2015 ISAKOS Biennial Congress ePoster #1709
Femoral Derotation Osteotomies in Adults for the Treatment of Version Abnormalities
Robert Leon Buly, MD, MS, New York, NY UNITED STATES
Hospital for Special Surgery, New York, NY, USA
FDA Status Cleared
Summary: A subtrochanteric derotation osteotomy of the femur is a safe and effective procedure to treat either femoral retroversion or excessive femoral anteversion. Excellent or good results were obtained in 93%.
Version abnormalities of the femur, either retroversion or excessive anteversion, cause pain and hip joint damage due to impingement or instability respectively. A retrospective clinical review was conducted on patients undergoing a subtrochanteric derotation osteotomy for either excessive anteversion or retroversion of the femur.
A total of 49 derotation osteotomies were performed in 39 patients. There were 32 females and 7 males; the average age was 29 years (range 14 to 59 years). The osteotomies were performed closed with an intramedullary saw; fixation was performed with a variety of intramedullary nails. Patients requiring a varus or valgus intertrochanteric osteotomy were excluded; pure rotational corrections only were performed. Twenty-four percent of patients had a retroversion deformity (average -8° of retroversion), 76% had excessive anteversion of the femur (average +36° of anteversion). The etiology was post-traumatic in 5 (10%), diplegic cerebral palsy in 4 (8%), fibrous dysplasia in 2 (4%), Prader-Willi Syndrome in 1 (2%) and idiopathic in 37 (76%). Previous surgery had been performed in 51% of the hips. Fifty-seven percent underwent concomitant surgery with the index femoral derotation osteotomy, including hip arthroscopy in 39% (labral debridement alone or with femoral neck osteochondroplasty), a tibial derotation osteotomy in 12% and a periacetabular osteotomy in 6%. The concomitant tibial osteotomies were performed to correct a compensatory excessive external tibial torsion that would be exacerbated in the correction of excessive femoral anteversion. The modified Harris hip score was used to assess the results in patients with a minimum of 12 months follow-up.

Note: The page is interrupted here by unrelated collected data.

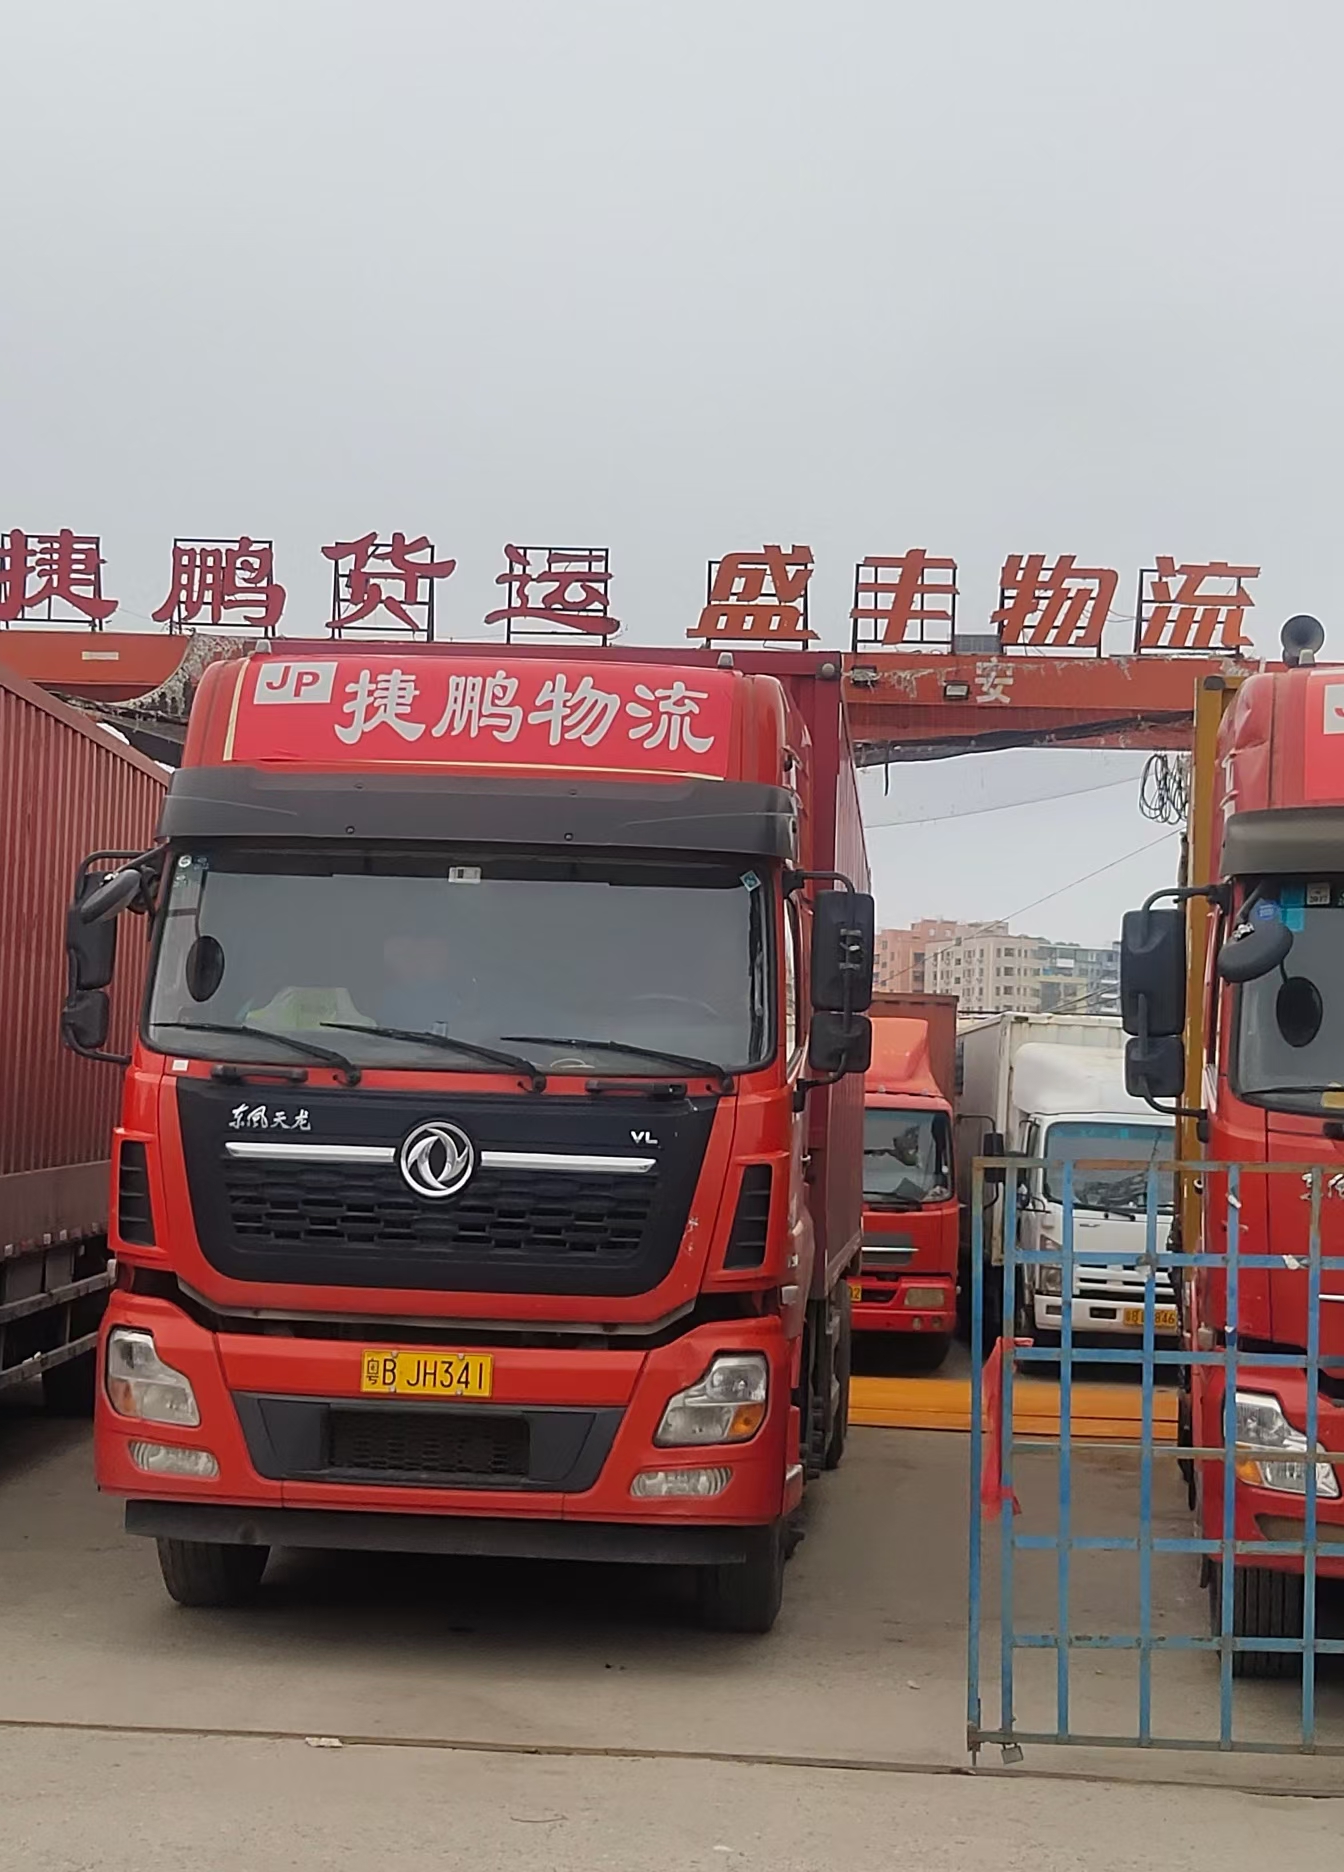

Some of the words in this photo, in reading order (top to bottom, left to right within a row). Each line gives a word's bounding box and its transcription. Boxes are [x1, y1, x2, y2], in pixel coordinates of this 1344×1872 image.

[686, 544, 1261, 647] 盛丰物流
[265, 665, 320, 699] JP
[334, 669, 716, 753] 捷鹏物流
[630, 1131, 658, 1144] VL
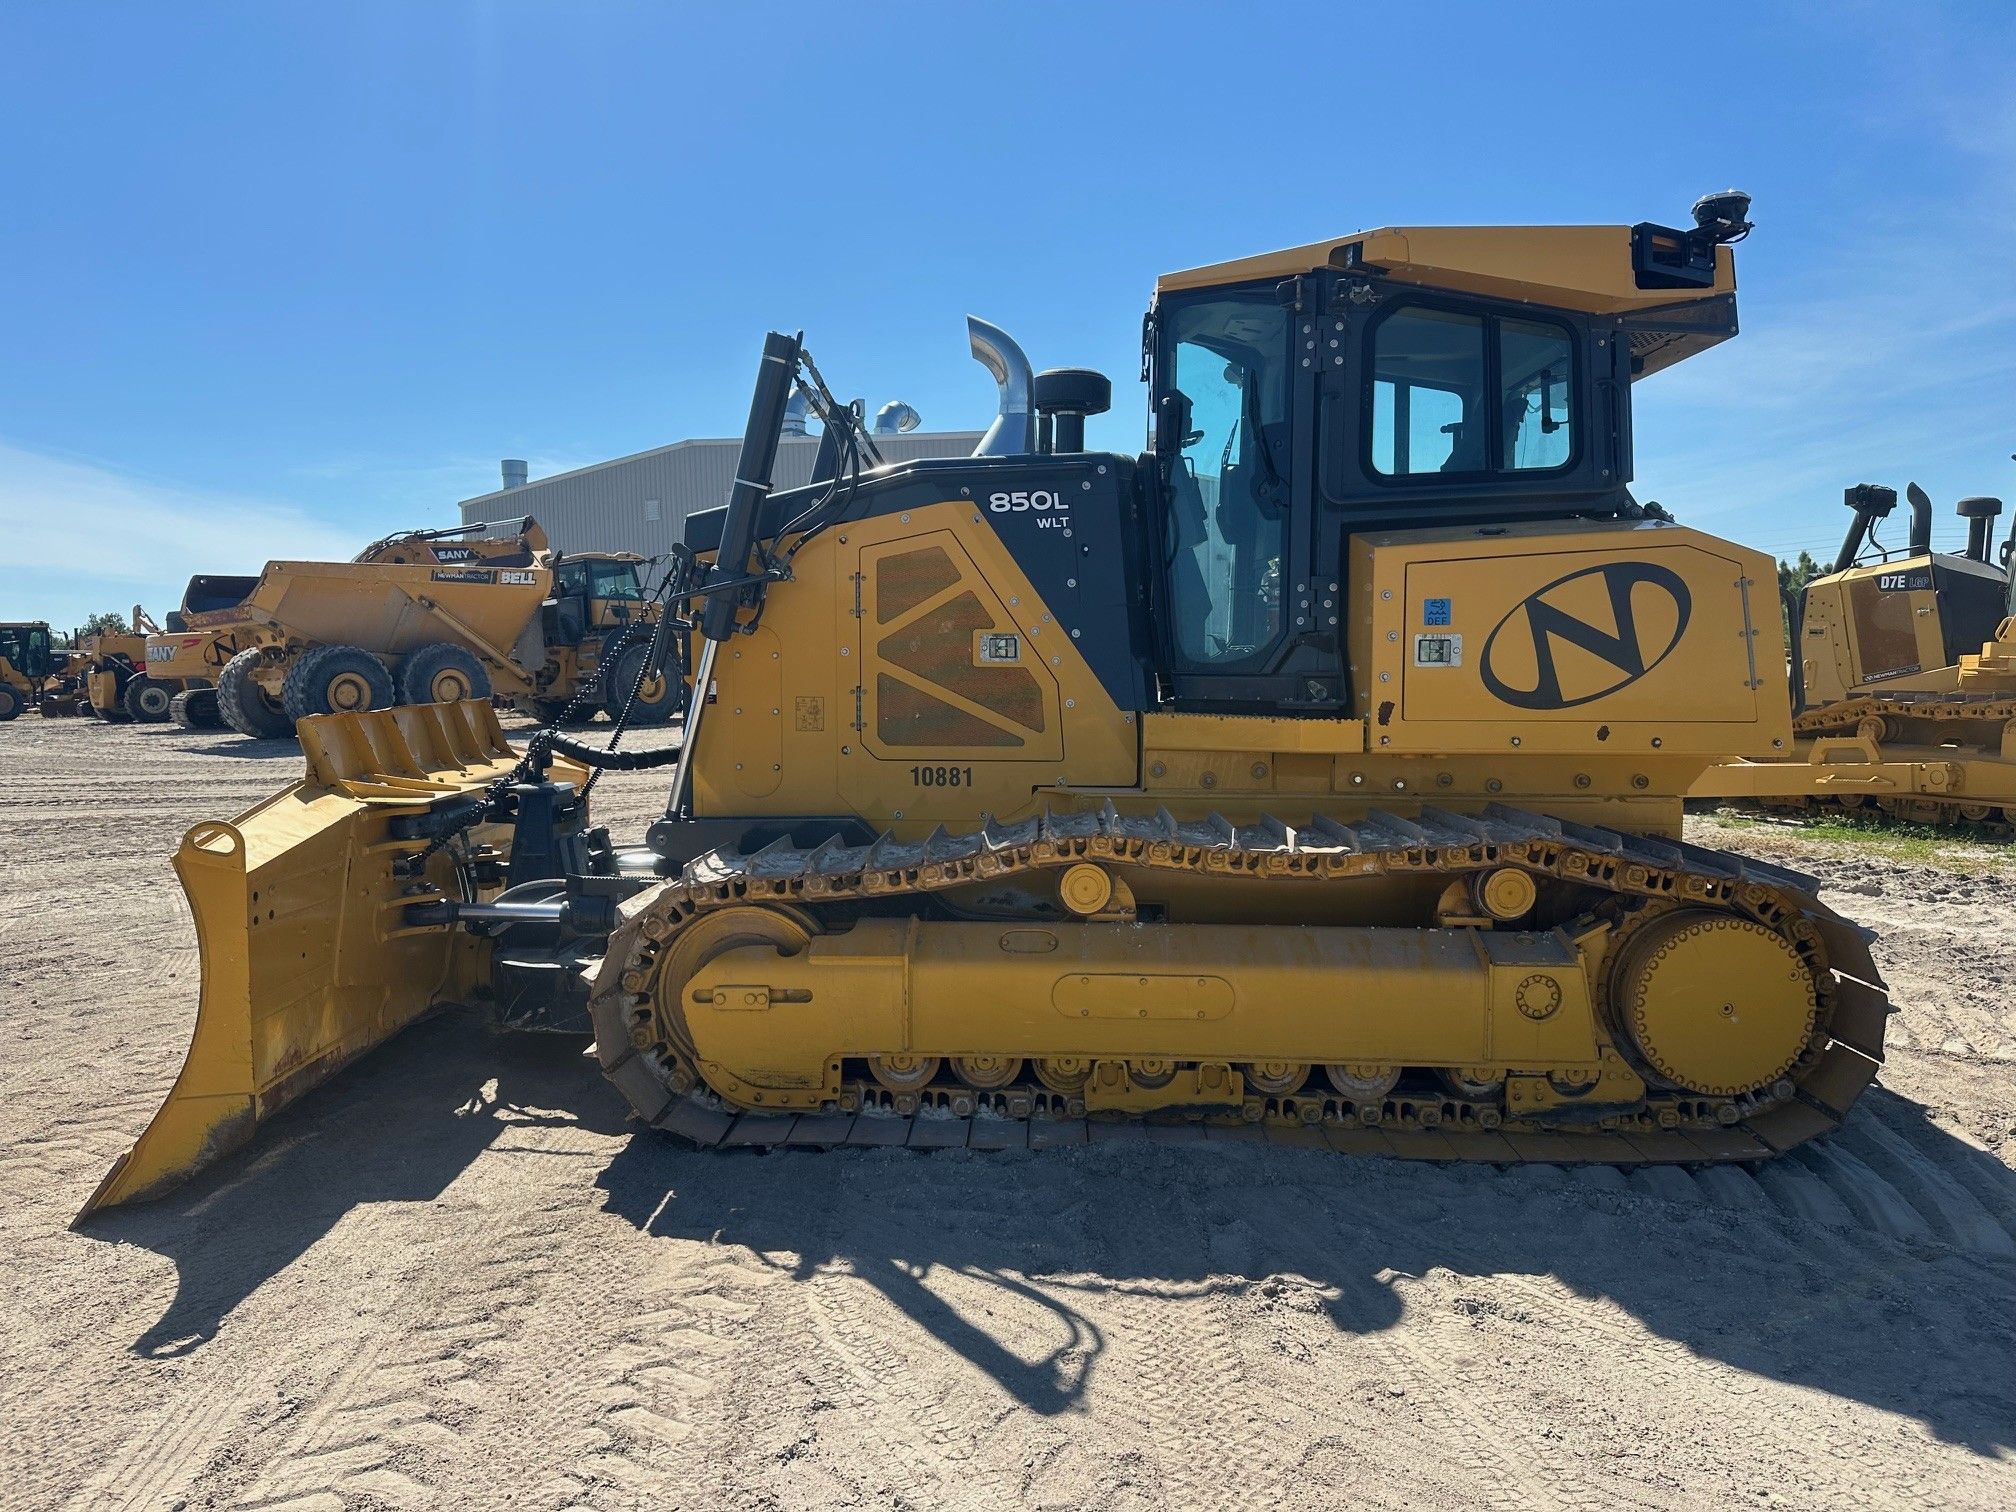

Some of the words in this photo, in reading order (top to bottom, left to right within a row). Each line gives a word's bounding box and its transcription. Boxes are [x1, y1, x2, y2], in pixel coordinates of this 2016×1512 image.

[989, 490, 1069, 512] 850L
[1036, 517, 1069, 528] WLT
[438, 550, 470, 560] SANY
[500, 571, 536, 584] BELL
[1880, 575, 1906, 589] D7E
[1427, 616, 1448, 626] DEF
[910, 766, 972, 787] 10881
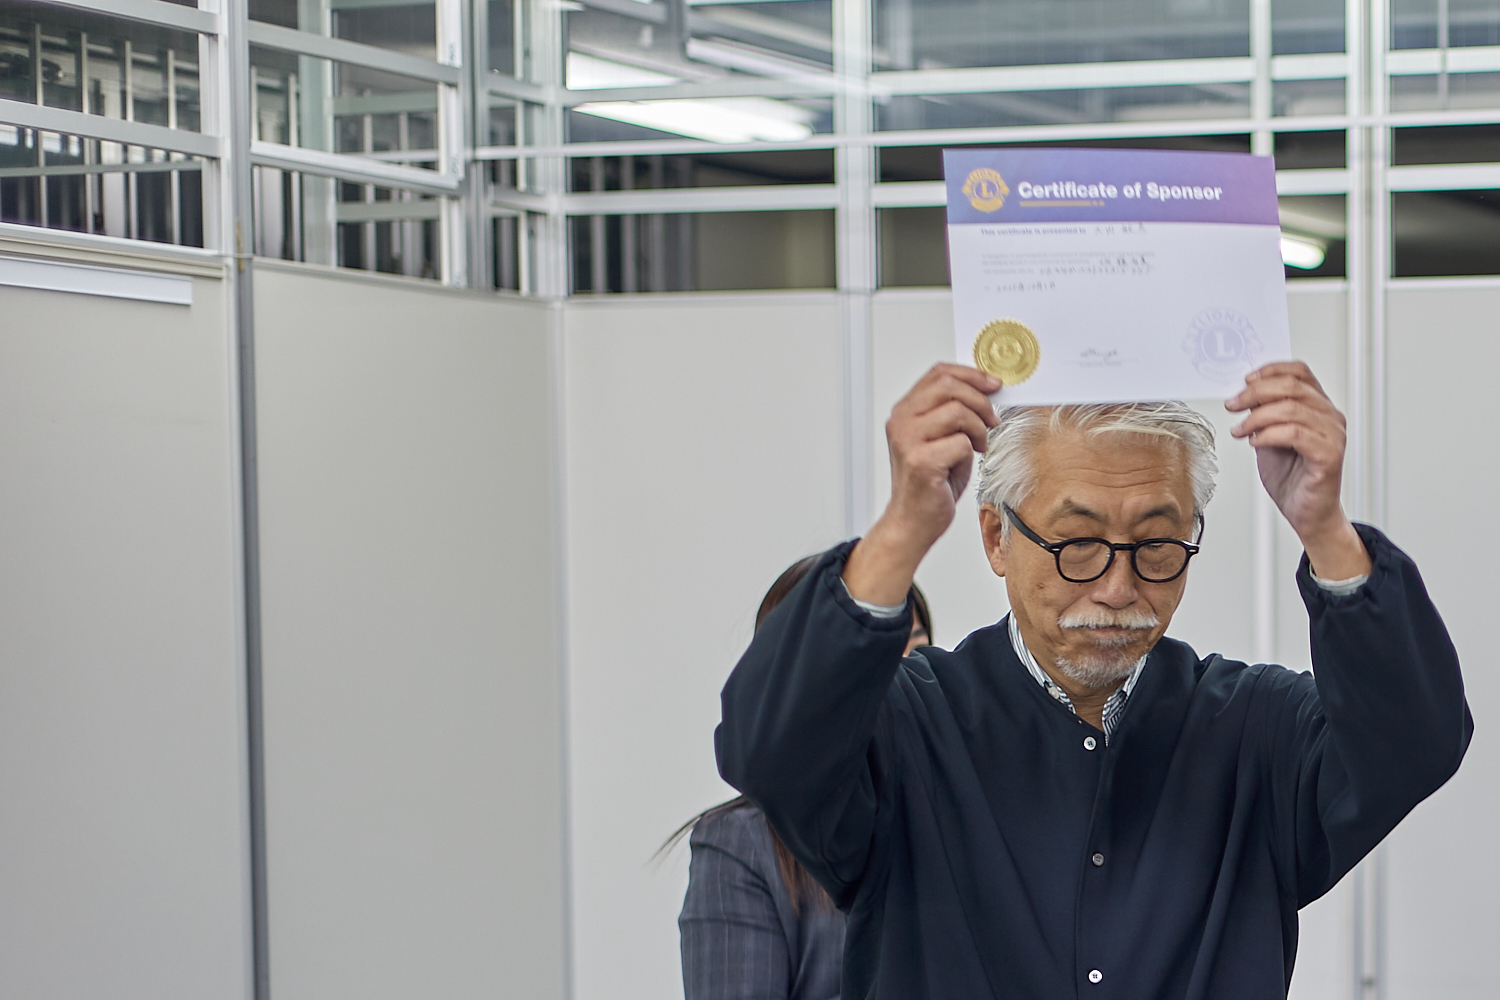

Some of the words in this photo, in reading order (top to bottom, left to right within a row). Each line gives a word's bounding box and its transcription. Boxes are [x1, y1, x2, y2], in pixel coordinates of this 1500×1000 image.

[981, 182, 994, 197] L
[1018, 181, 1118, 200] Certificate
[1123, 181, 1143, 199] of
[1146, 182, 1223, 202] Sponsor
[1034, 227, 1041, 235] is
[1042, 228, 1078, 236] presented
[1079, 227, 1087, 235] to
[1213, 330, 1237, 359] L

There were no nonunions; the average time to union was 3.3 months. There were no nerve injuries, one late infection occurred 10 months after surgery, treated successfully with hardware removal and antibiotics. One patient was converted to a total hip replacement after 15 months due to the failure of a periacetabular osteotomy in the patient with Prader-Willi syndrome. At an average follow-up of 5.4 years (range 9 months to 17.8 years), the modified Harris Hip Score improved by 26 points (p< 0.001, Wilcoxon signed-ranks test). The results were rated as excellent in 71%, good in 22%, fair in 5% and poor in 3%. Subsequent surgery was required in 59%, 90% of which were hardware removals.
A closed, subtrochanteric derotation osteotomy of the femur is a safe and effective procedure to treat either femoral retroversion or excessive anteversion. Excellent or good results were obtained in 93%, despite the need for subsequent hardware removal in more than half of the patients.